Keep the wording of the records intact as you retype them, and omit every image.

=== Data for review ===

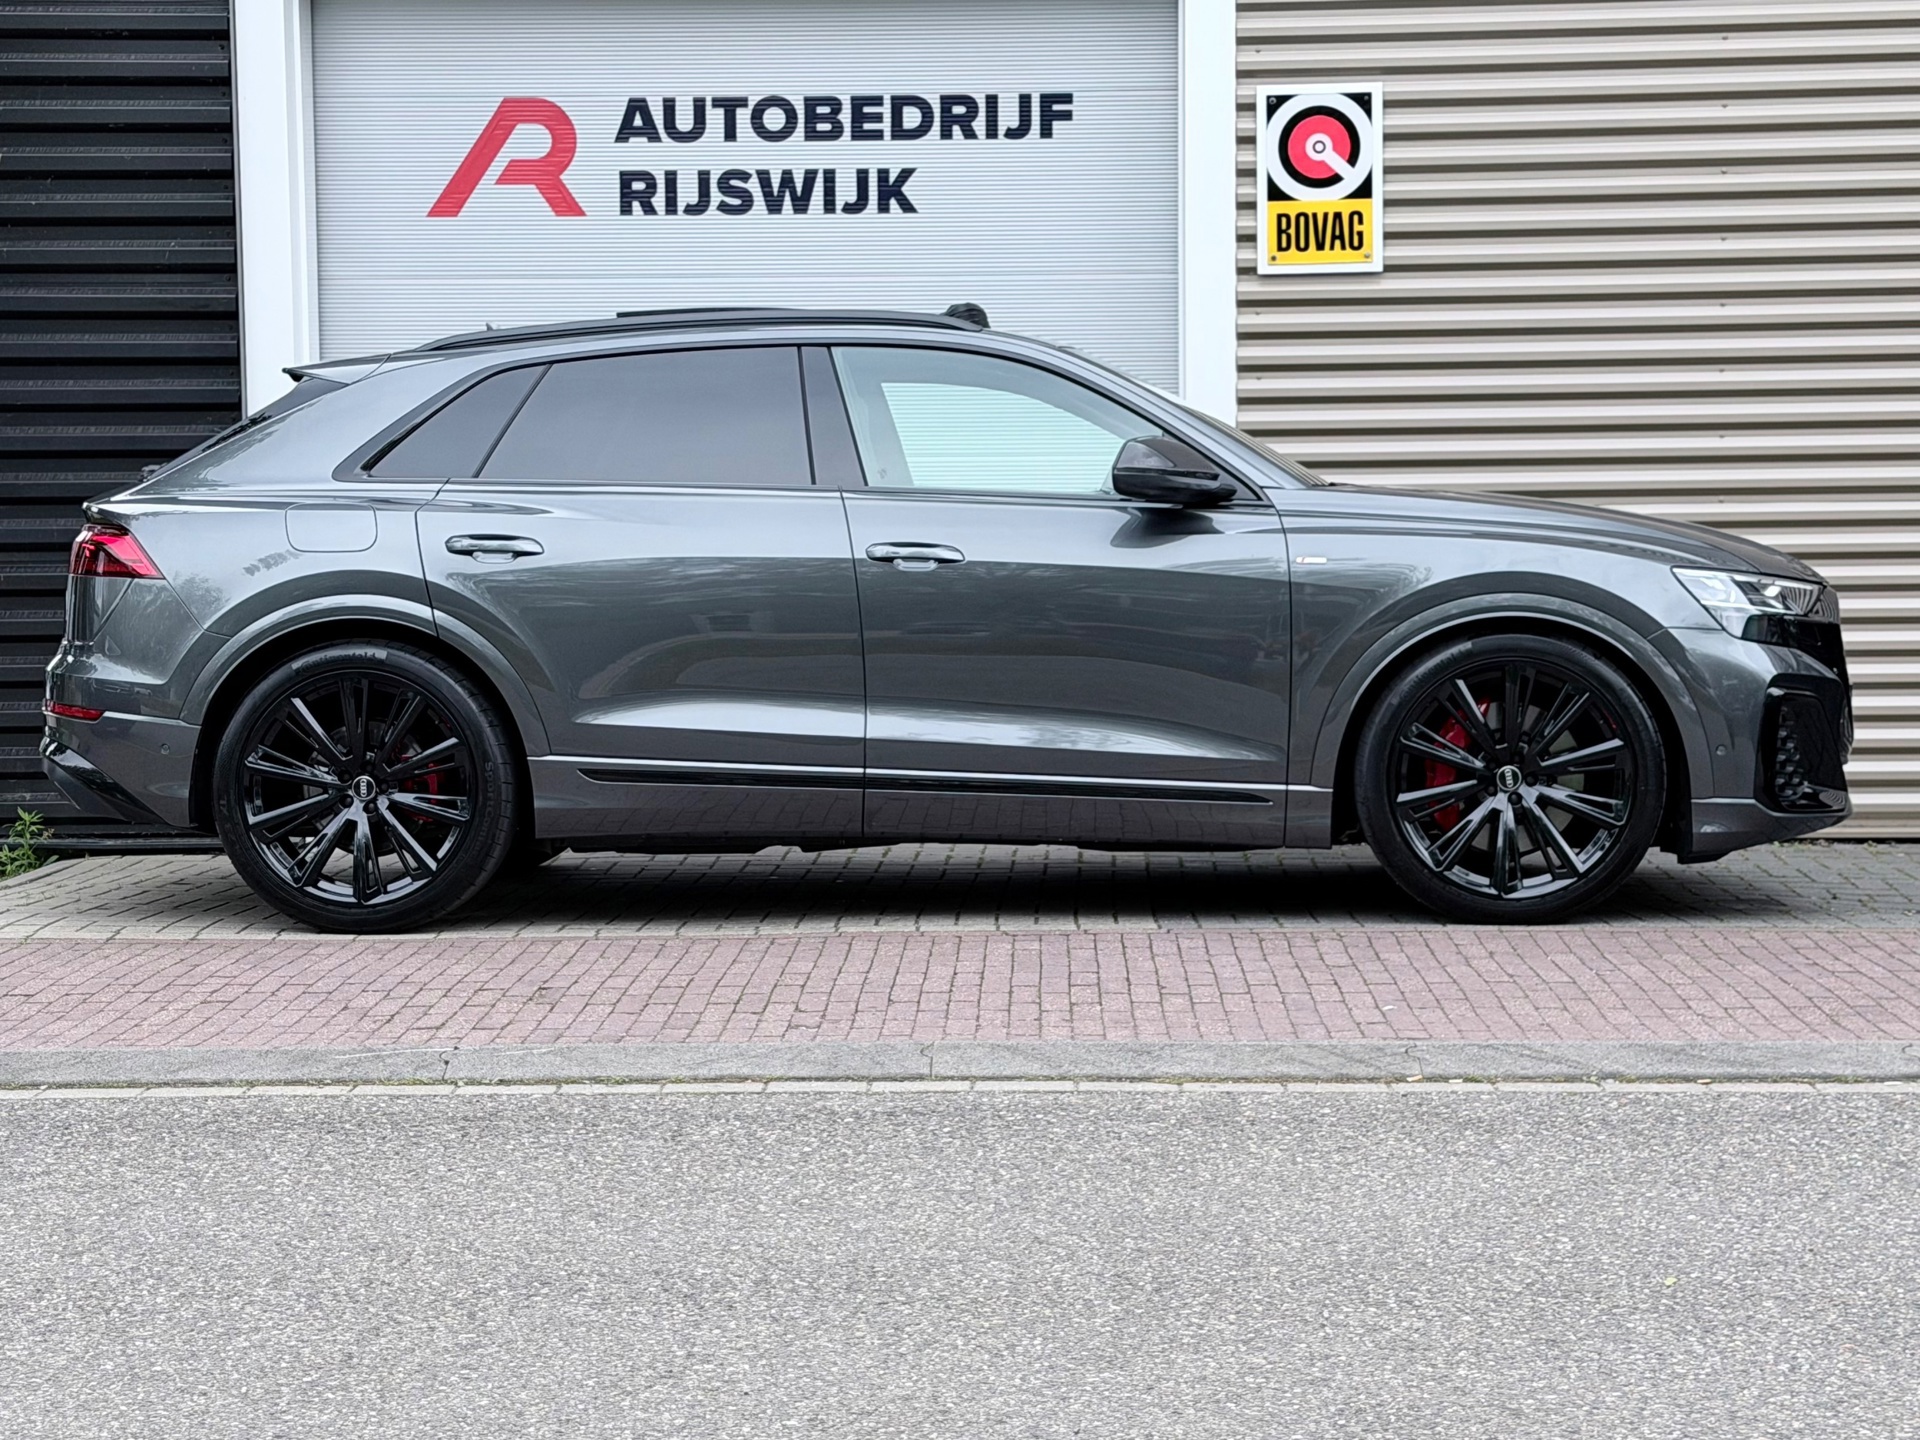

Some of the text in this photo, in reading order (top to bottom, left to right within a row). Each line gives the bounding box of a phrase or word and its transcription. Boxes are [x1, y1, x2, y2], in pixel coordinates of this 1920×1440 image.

[614, 94, 1075, 143] AUTOBEDRIJF
[620, 168, 917, 215] RIJSWIJK
[1277, 211, 1363, 252] BOVAG
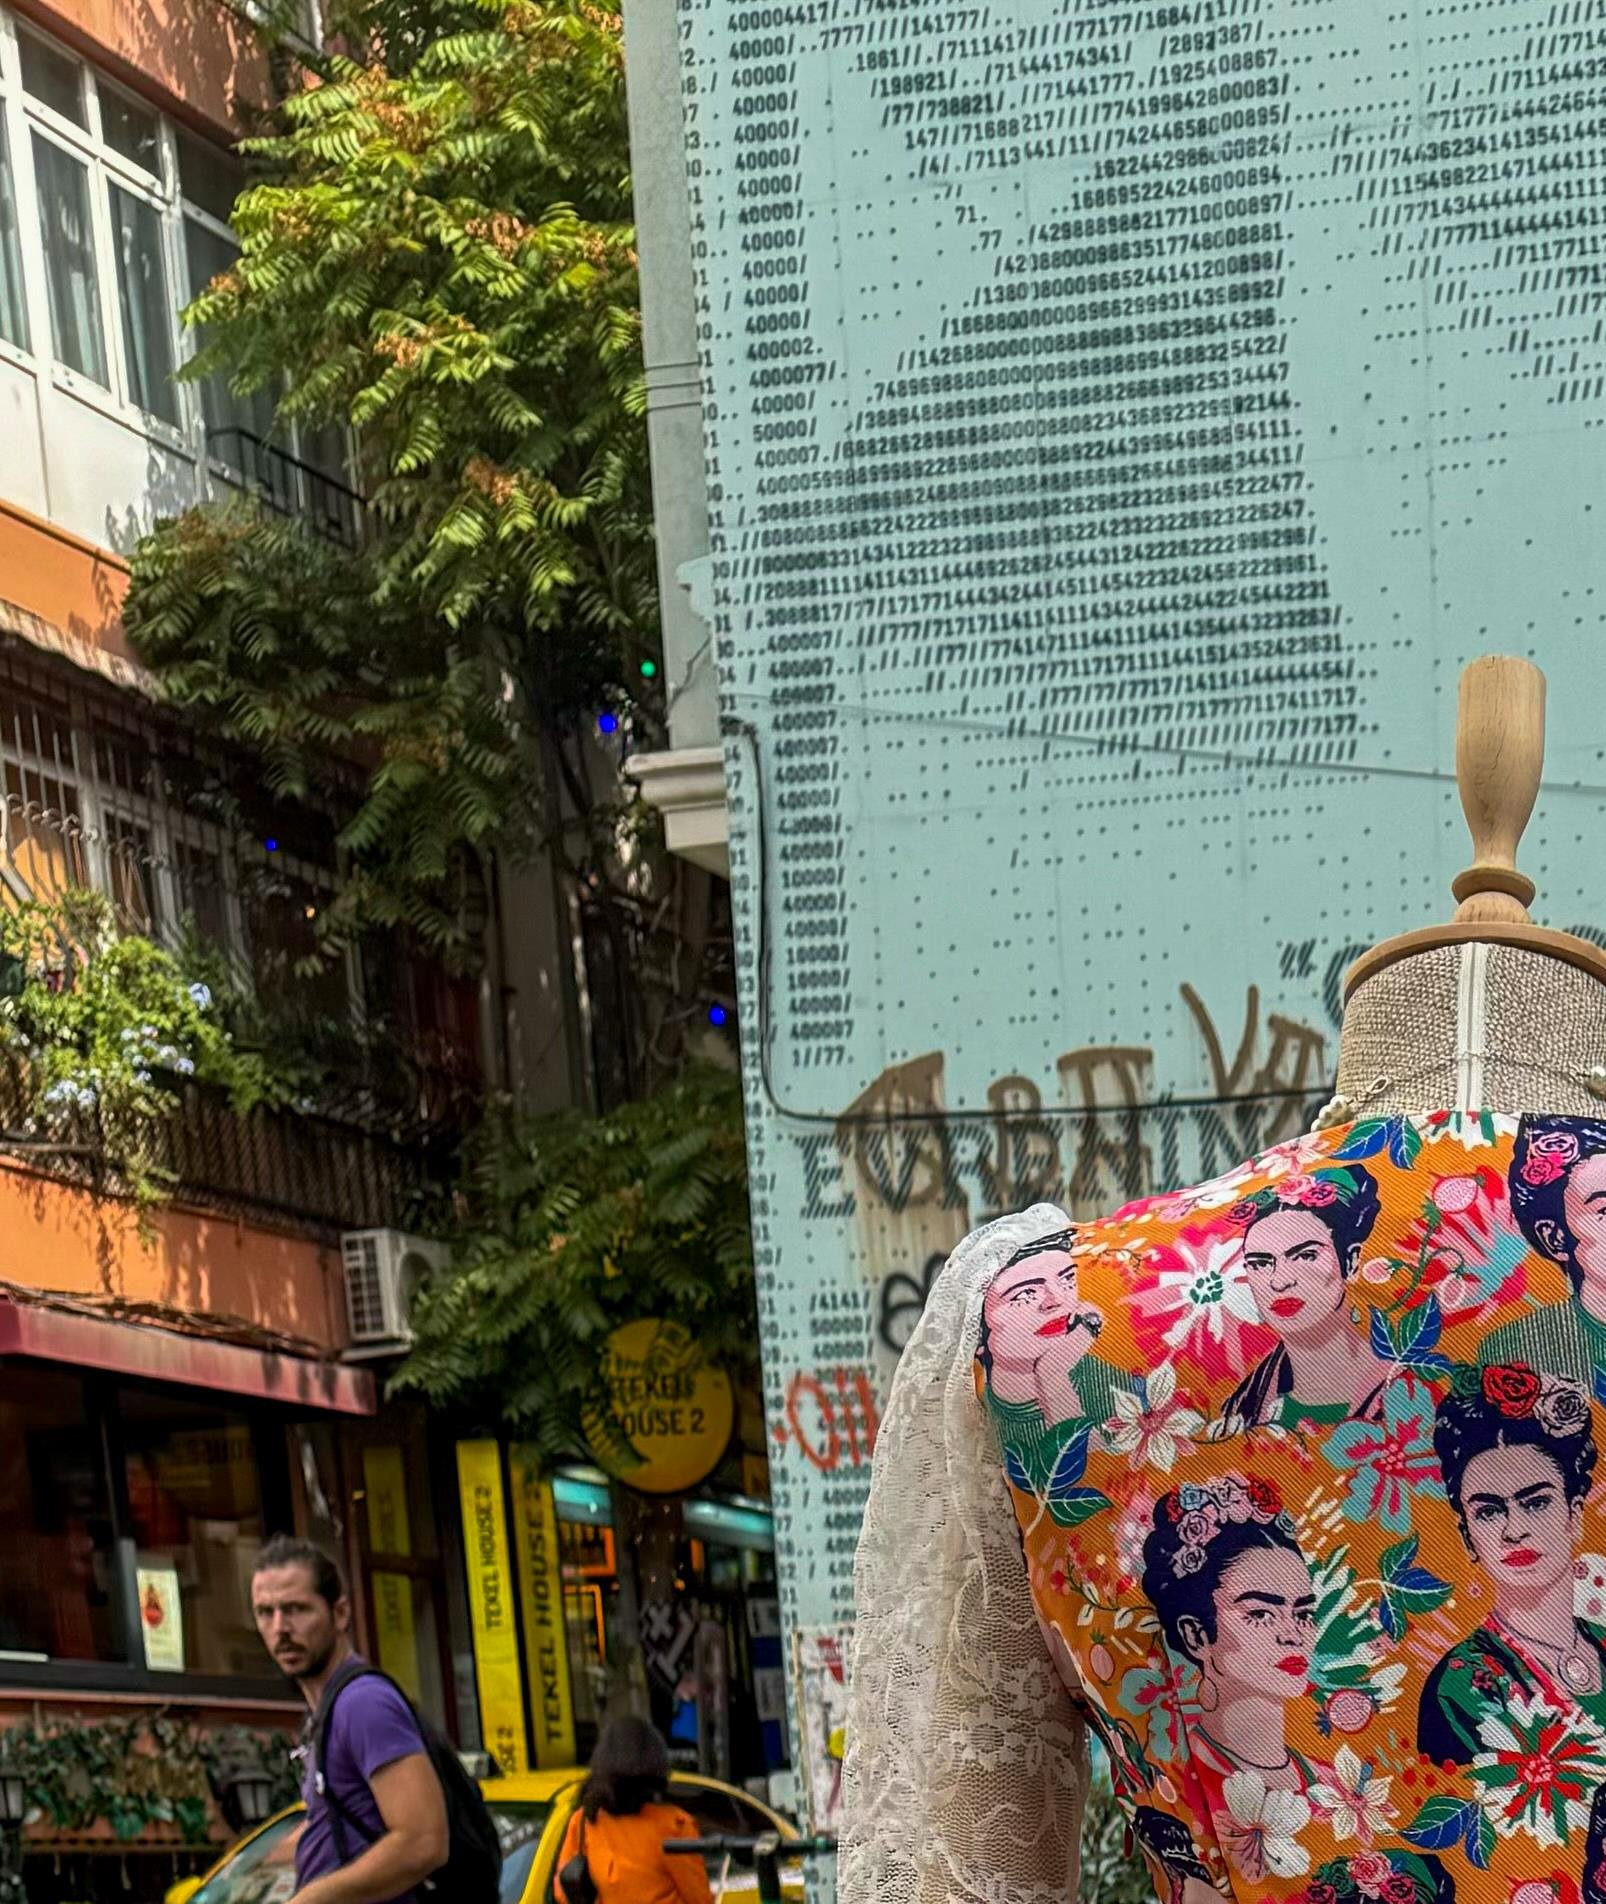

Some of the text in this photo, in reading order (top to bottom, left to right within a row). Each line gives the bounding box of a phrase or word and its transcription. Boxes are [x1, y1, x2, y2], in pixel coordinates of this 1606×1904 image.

===

Output of the exercise:
Some of the text in this photo, in reading order (top to bottom, left to right within a row). Each line gives the bounding box of a phrase or word and its transcription. Boxes are [x1, y1, x2, y2], in pixel coordinates of this 1920×1440 image.

[614, 94, 1075, 143] AUTOBEDRIJF
[620, 168, 917, 215] RIJSWIJK
[1277, 211, 1363, 252] BOVAG

Some of the text in this photo, in reading order (top to bottom, left to right within a row). Each line gives the bounding box of a phrase or word and its transcription. Boxes are [x1, y1, x2, y2], in pixel coordinates of this 1606×1904 image.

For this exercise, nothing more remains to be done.